Debate on Indonesia Sex Abuse Bill to Resume After Six Years
(Bloomberg) -- Indonesia’s parliament will resume deliberation of a bill against sexual harassment on Tuesday, as President Joko Widodo pushes to conclude a legislative process that’s languished for six years amid strong opposition from religious groups.
Jokowi, as the president is popularly known, last week publicly urged his ministers to speed up negotiations with parliament over the draft law. The bill as it stands now would allow immediate action be taken over reported cases of sexual harassment based on a single piece of evidence, down from the current requirement of three. It is aimed at giving priority to protecting victims and includes clauses on guidance for their healing process.
“I hope the anti-sexual-violence bill can be passed into law very soon to give maximum protection to the victims,” Jokowi said in a statement broadcast on YouTube on Jan. 4.
The bill, if passed this year, would make Indonesia among the first Muslim-majority nations to have a dedicated law on sexual violence, generally considered a private matter that has made it difficult for the legal system to intervene. Some Islamist parties and religious groups say that the bill promotes extramarital sex, which has held up the legislative process.
The latest version of the draft has been watered down in the hopes that it can win over more conservative lawmakers. Among the changes are the omission of an article which requires that parties involved in a sexual act give their consent, which critics argued promotes extramarital affairs, said Willy Aditya, a deputy chairman of the parliament’s legislative body.

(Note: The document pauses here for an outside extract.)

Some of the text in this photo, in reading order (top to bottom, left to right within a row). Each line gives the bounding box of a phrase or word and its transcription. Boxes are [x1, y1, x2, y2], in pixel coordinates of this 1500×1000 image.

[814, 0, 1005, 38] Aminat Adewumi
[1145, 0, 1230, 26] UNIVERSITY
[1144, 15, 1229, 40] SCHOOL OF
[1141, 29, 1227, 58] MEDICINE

Parliamentary speaker Puan Maharani on Tuesday set the anti-sexual harassment bill one of the priority draft laws that will be passed no later than Feb. 18. The granddaughter of the nation’s first president Sukarno pledged to expedite the deliberation.

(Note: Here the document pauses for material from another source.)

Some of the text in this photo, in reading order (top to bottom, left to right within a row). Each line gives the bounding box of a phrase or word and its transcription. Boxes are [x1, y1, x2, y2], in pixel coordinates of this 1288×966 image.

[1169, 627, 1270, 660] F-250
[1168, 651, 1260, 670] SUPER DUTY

Jokowi’s push came in response to rising public concern over the country’s lack of adequate laws and regulations to try cases of sexual abuse, which have been increasing in the past year.
The National Commission on Violence Against Women received over 4,500 reports of sexual harassment against women during the January to September period last year, according to Chairwoman Andy Yentriyani, from 2,389 reported cases for the whole of 2020. Cases in 2020 were already 60% higher than those reported in 2019.
The commission initiated the idea in 2012 and asked parliament to include a bill against sexual harassment on its list of priorities. A formal process to introduce a draft law began in 2016, but progress stalled due to resistance from conservative groups.
In Indonesia, there is no single law dedicated to sexual harassment, and such offenses are covered by a wider set of laws that fail to protect the victims, with cases often ending in the release of offenders and victim blaming, said Yentriyani.
Among recent high-profile cases of abuse are one involving multiple instances of rape by the owner of an Islamic boarding school in West Java, and a teacher in Central Java who molested 15 female students in return for good grades. Those incidents have angered the public and added pressure on parliament to pass the bill sooner.
Those cases also prompted Nadiem Makarim, a minister overseeing several briefs including education, to take more direct action against sexual harassment. In November, he issued a ministerial decree aimed at protecting university students from sexual crimes, a move that was hailed by proponents of the draft law but protested by the same parties and religious groups that oppose it.
The Prosperous Justice Party, a major Islamist party, is expected to put up resistance to the passage of the new draft law. If it successfully rallies support from more hardline lawmakers, that could stymie its passage.
“Patriarchy is still prevalent in our society,” said Aditya, who nonetheless expects the bill to pass in this parliamentary sitting. “The road ahead is still long and winding.”